New Vascular Changes in the Brain Linked to Alzheimer's Disease

The blood-brain barrier, a network of blood vessels and tissues that nurtures and shields the brain from harmful substances in the bloodstream, is compromised in Alzheimer's disease. Researchers at the Mayo Clinic, along with their collaborators, have identified distinct molecular signatures of this blood-brain barrier dysfunction. These discoveries could pave the way for new diagnostic and treatment approaches for the disease. Their findings are detailed in Nature Communications (1^✔ ✔Trusted Source
Gliovascular transcriptional perturbations in Alzheimer's disease reveal molecular mechanisms of blood brain barrier dysfunction

Go to source). "These signatures have high potential to become novel biomarkers that capture brain changes in Alzheimer's disease," says senior author Nilüfer Ertekin-Taner, M.D., Ph.D., chair of the Department of Neuroscience at Mayo Clinic and leader of the Genetics of Alzheimer's Disease and Endophenotypes Laboratory at Mayo Clinic in Florida.

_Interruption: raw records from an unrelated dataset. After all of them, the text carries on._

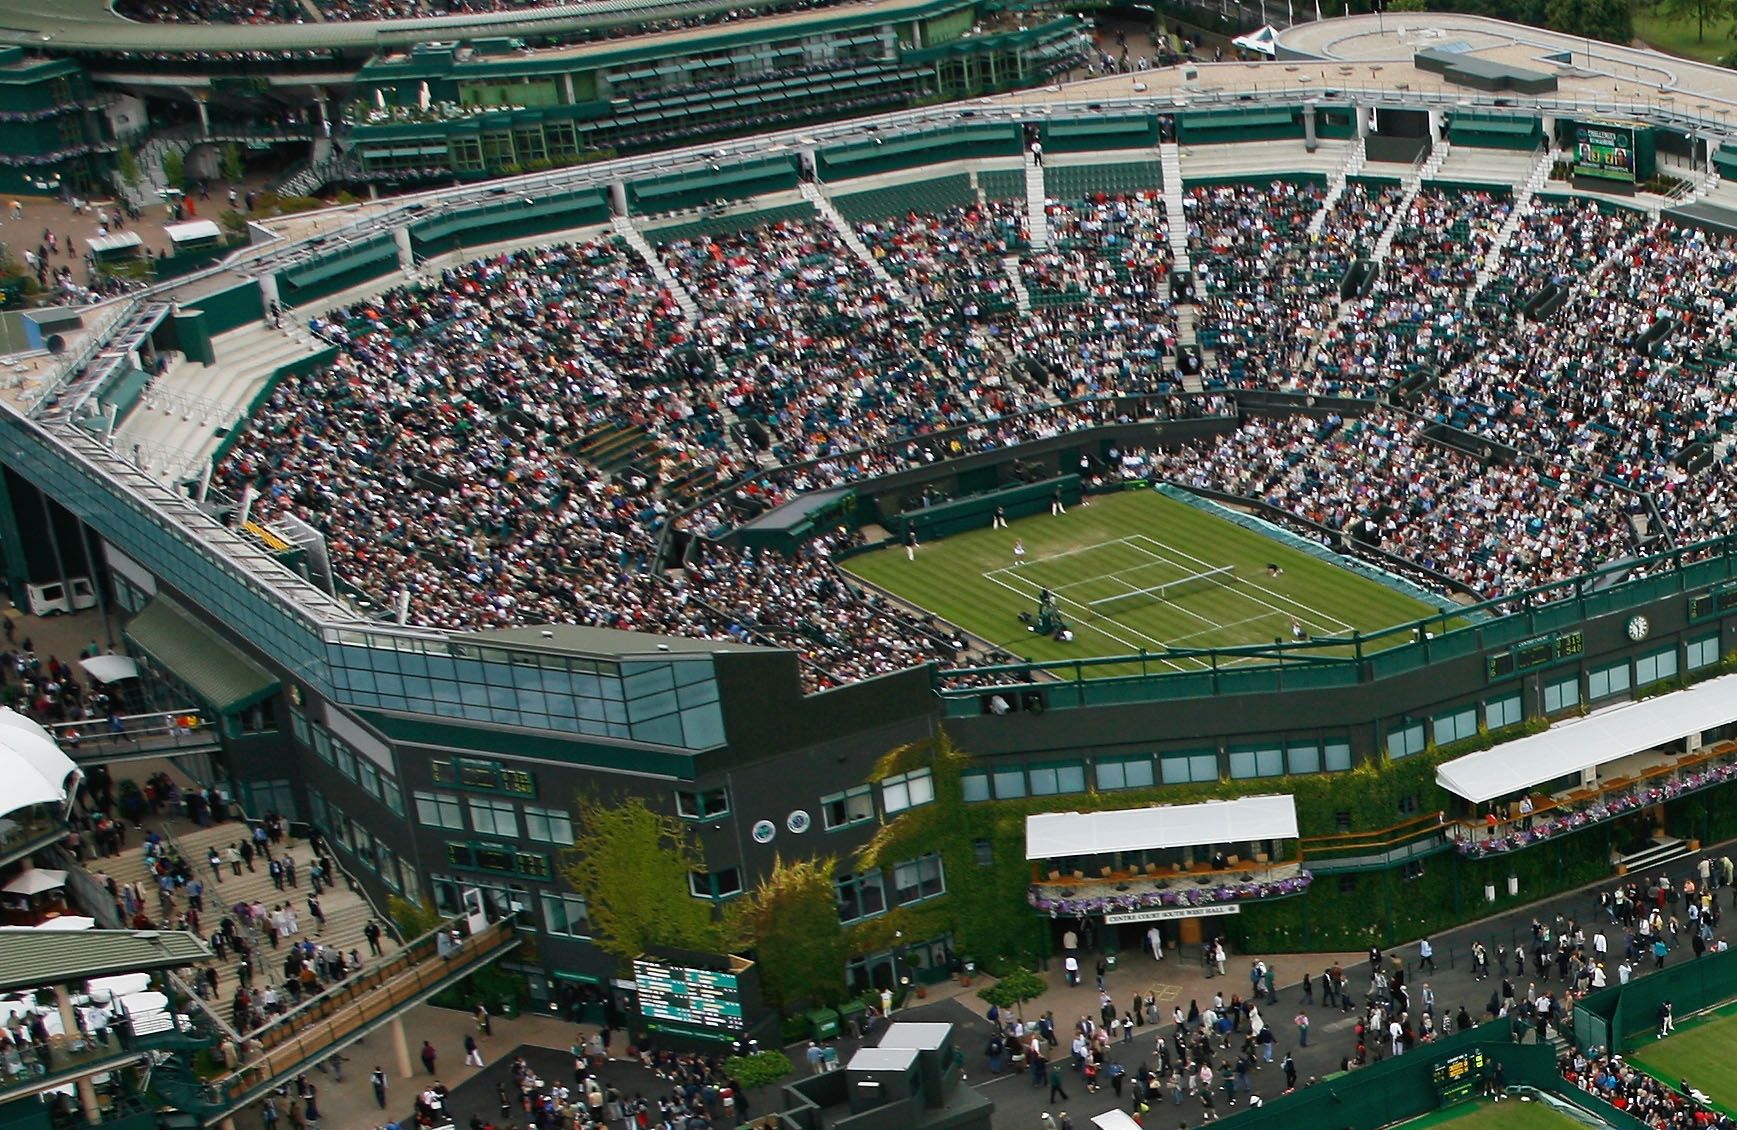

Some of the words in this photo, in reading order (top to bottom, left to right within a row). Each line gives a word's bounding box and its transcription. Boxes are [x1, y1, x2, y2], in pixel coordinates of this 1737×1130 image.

[1109, 914, 1136, 923] CENTRE
[1138, 913, 1160, 921] COURT
[1162, 911, 1184, 919] SOUTH
[1185, 908, 1204, 917] WEST
[1205, 906, 1224, 914] HALL

To conduct the study, the research team analyzed human brain tissue from the Mayo Clinic Brain Bank, as well as published datasets and brain tissue samples from collaborating institutions. The study cohort included brain tissue samples from 12 patients with Alzheimer's disease and 12 healthy patients with no confirmed Alzheimer's disease. All participants had donated their tissue for science. Using these and external datasets, the team analyzed thousands of cells in more than six brain regions, making this one of the most rigorous studies of the blood-brain barrier in Alzheimer's disease to date, according to the researchers.

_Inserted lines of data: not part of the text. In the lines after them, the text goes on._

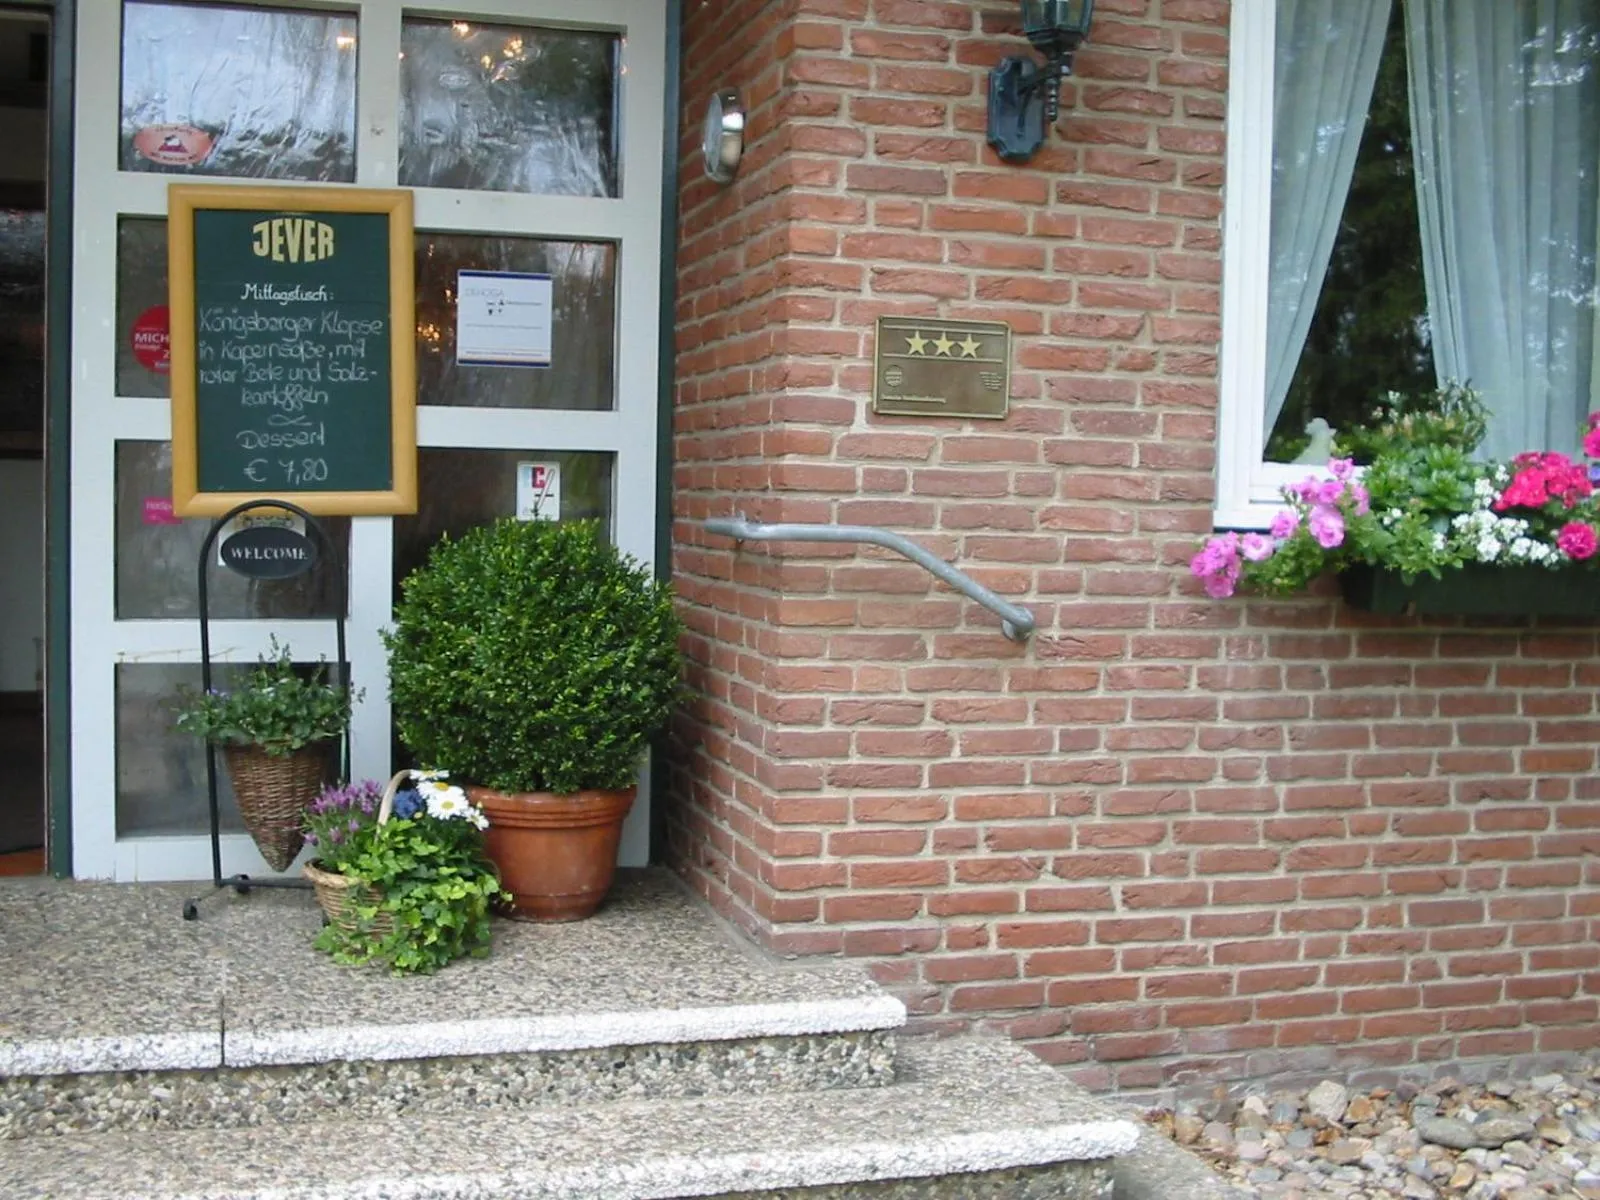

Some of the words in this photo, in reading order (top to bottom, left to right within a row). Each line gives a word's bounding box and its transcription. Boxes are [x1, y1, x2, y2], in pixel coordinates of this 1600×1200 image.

[253, 218, 334, 263] JEVER
[240, 283, 334, 305] Mittagstisch:
[199, 341, 214, 360] in
[335, 340, 366, 358] mit
[288, 361, 321, 382] und
[235, 422, 325, 449] Dessert
[243, 458, 269, 482] €
[278, 458, 329, 485] 7,80
[231, 546, 309, 560] WELCOME

Examining the Role of Brain Vascular Cells in Alzheimer's Disease

They focused on brain vascular cells, which make up a small portion of cell types in the brain, to examine molecular changes associated with Alzheimer's disease. In particular, they looked at two cell types that play an important role in maintaining the blood-brain barrier: pericytes, the gatekeepers of the brain that maintain the integrity of blood vessels, and their support cells known as astrocytes, to determine if and how they interact.

They found Alzheimer's disease patients' samples exhibited altered communication between these cells, mediated by a pair of molecules known as VEGFA, which stimulates the growth of blood vessels, and SMAD3, which plays a key role in cellular responses to the external environment. Using cellular and zebrafish models, the researchers validated their finding that increased levels of VEGFA lead to lower levels of SMAD3 in the brain.

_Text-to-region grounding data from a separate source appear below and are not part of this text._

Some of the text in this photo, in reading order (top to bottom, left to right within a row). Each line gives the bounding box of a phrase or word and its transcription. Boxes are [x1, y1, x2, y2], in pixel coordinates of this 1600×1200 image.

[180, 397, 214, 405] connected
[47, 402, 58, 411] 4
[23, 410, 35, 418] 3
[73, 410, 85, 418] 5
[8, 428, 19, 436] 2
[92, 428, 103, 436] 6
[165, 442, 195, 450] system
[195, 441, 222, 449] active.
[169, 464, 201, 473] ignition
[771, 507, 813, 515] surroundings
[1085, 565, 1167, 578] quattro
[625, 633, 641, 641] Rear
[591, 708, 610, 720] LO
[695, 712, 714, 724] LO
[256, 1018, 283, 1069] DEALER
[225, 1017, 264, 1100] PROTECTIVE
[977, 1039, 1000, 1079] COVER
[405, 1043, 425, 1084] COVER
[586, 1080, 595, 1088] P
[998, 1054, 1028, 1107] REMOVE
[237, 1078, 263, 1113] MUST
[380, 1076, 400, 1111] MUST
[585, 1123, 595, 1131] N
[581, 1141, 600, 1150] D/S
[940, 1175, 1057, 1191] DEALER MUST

The team used stem cells from blood and skin samples of the Alzheimer's disease patient donors and those in the control group. They treated the cells with VEGFA to see how it affected SMAD3 levels and overall vascular health. The VEGFA treatment caused a decline in SMAD3 levels in brain pericytes, indicating interaction between these molecules.

The team says more research is needed to determine how SMAD3 levels in the brain impact SMAD3 levels in blood.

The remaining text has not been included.